NMR Structure of VarI, a Novel Bioactive Peptide Toxin from Terebrid Marine Snails

Abstract

Peptide toxins display great specificity in both targeting and function, and are a viable resource for enriching the available arsenal of pharmaceutical compounds. For example Ziconotide (Prialt), a peptide toxin derived from cone snails (conotoxin), is the first FDA approved conotoxin drug used to treat chronic pain in cancer and HIV patients by targeting voltage dependent Ca2+ channels. Cone snail toxins have long been identified as effective compounds for characterizing ion channels and receptors.
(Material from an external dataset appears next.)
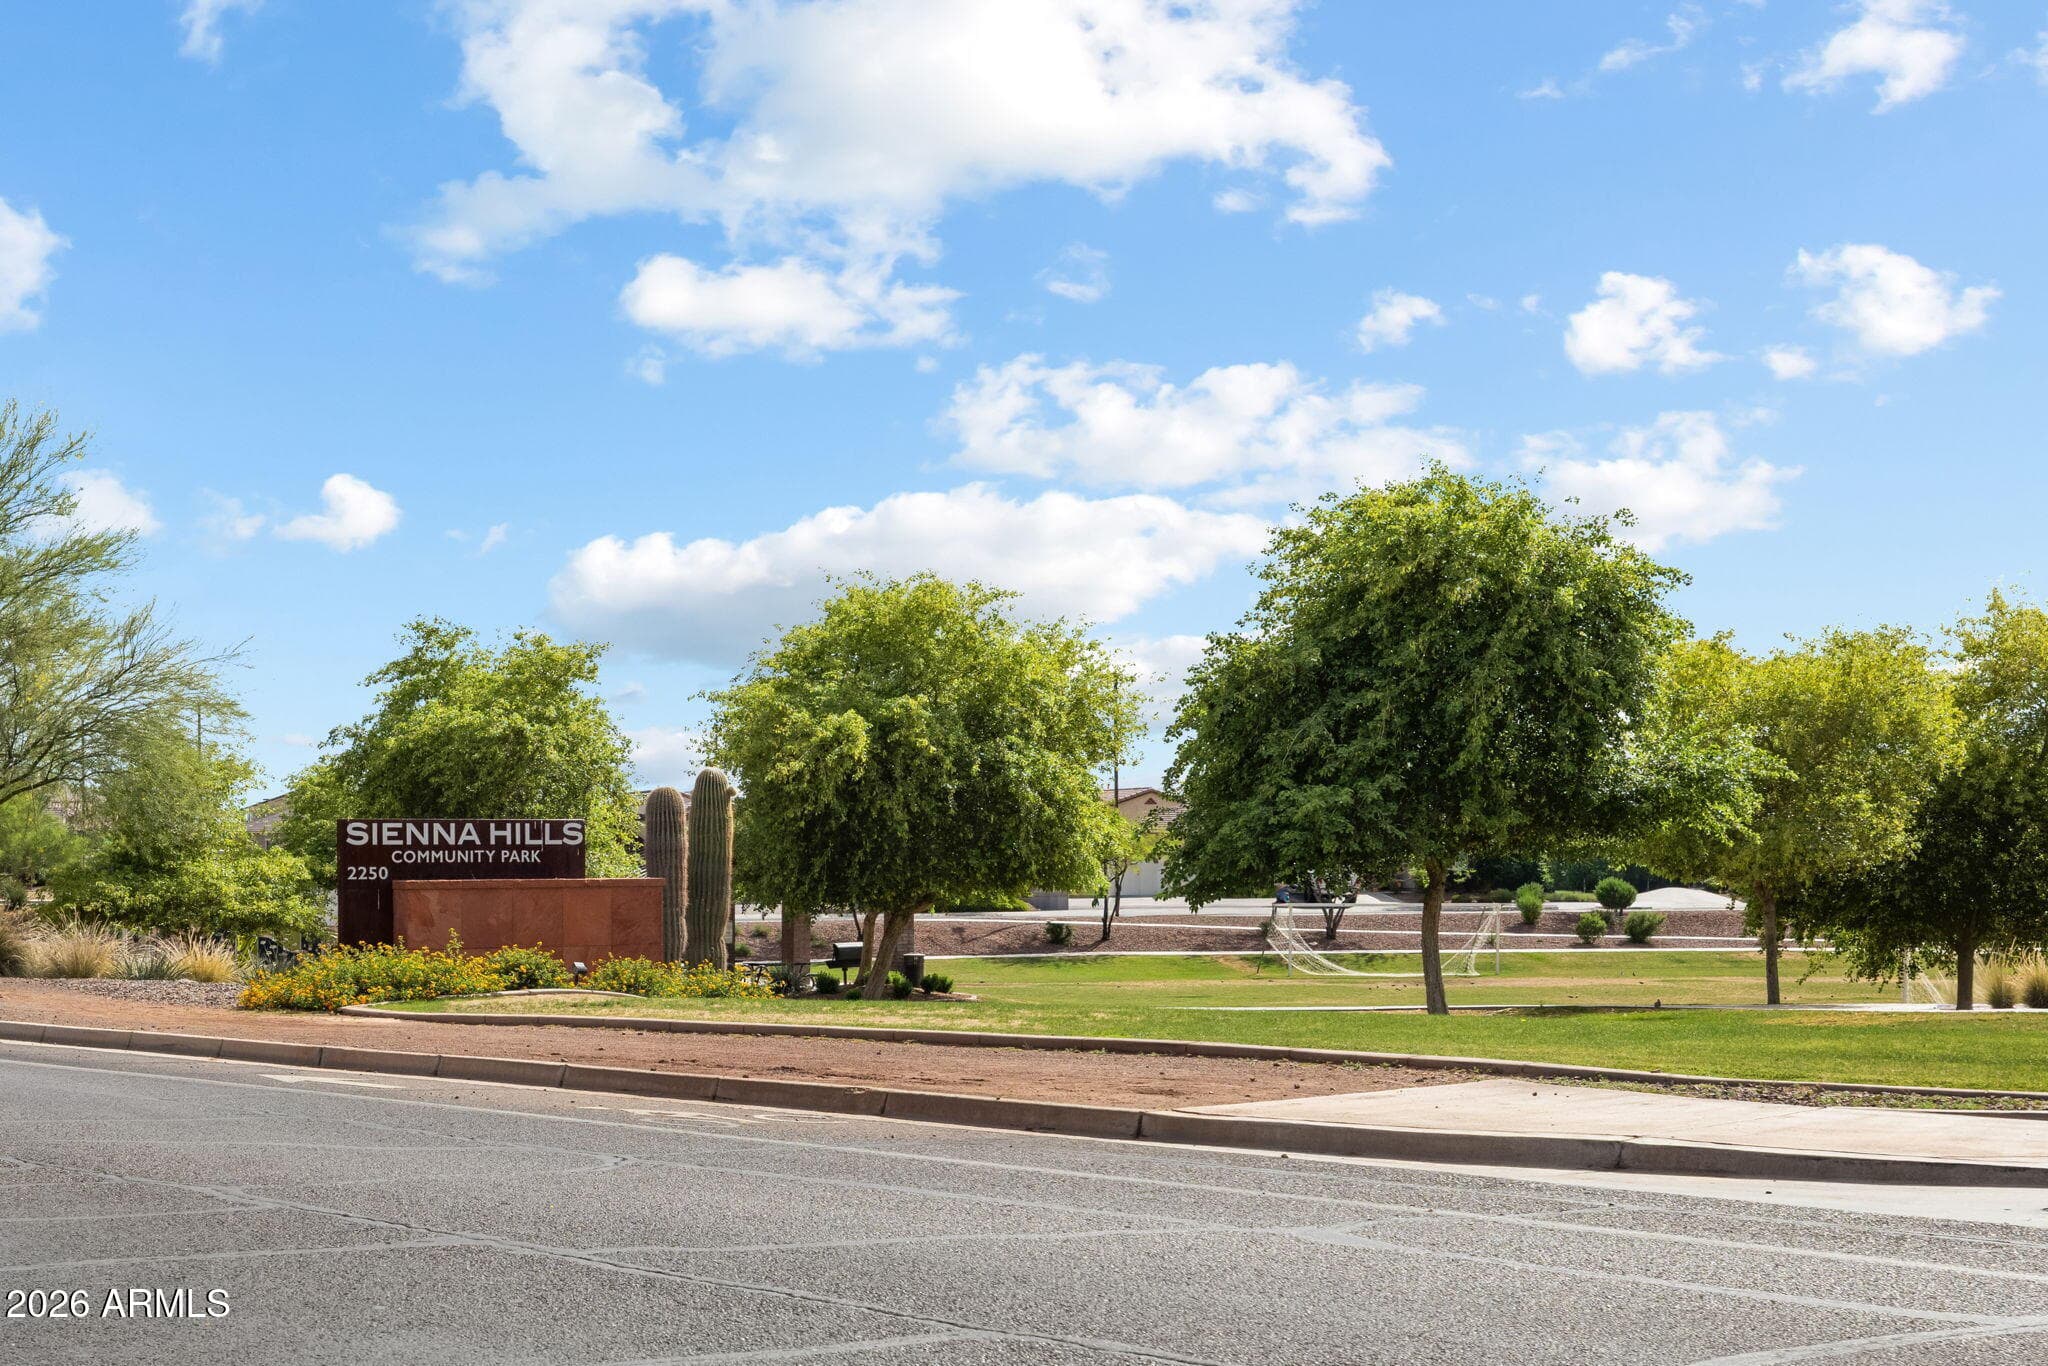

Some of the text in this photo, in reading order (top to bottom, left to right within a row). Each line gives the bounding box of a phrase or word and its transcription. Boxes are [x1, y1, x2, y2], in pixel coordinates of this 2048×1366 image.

[346, 822, 583, 846] SIENNA HILLS
[391, 850, 542, 864] COMMUNITY PARK
[347, 866, 389, 881] 2250
However, the Terebridae, a less studied, related venomous snail family, are also a pharmacologically relevant source of toxins. Similar to cone snails, genomic and proteomic analyses of terebrid venom reveal a vibrant diversity of peptide toxins (teretoxins). Here, we present the first structural elucidation of a teretoxin, VarI. VarI was chemically synthesized, oxidatively refolded, and structurally characterized by nuclear magnetic resonance (NMR) spectroscopy. Standard homonuclear NMR methods were used in the structure determination, and the final bundle of lowest energy structures revealed an unusual pattern of disulfide bond connectivities potentially unique to teretoxins. The NMR structure of Var1 will assist in understanding the toxin's pharmacological properties, and is being used to guide the search for functional receptors of VarI.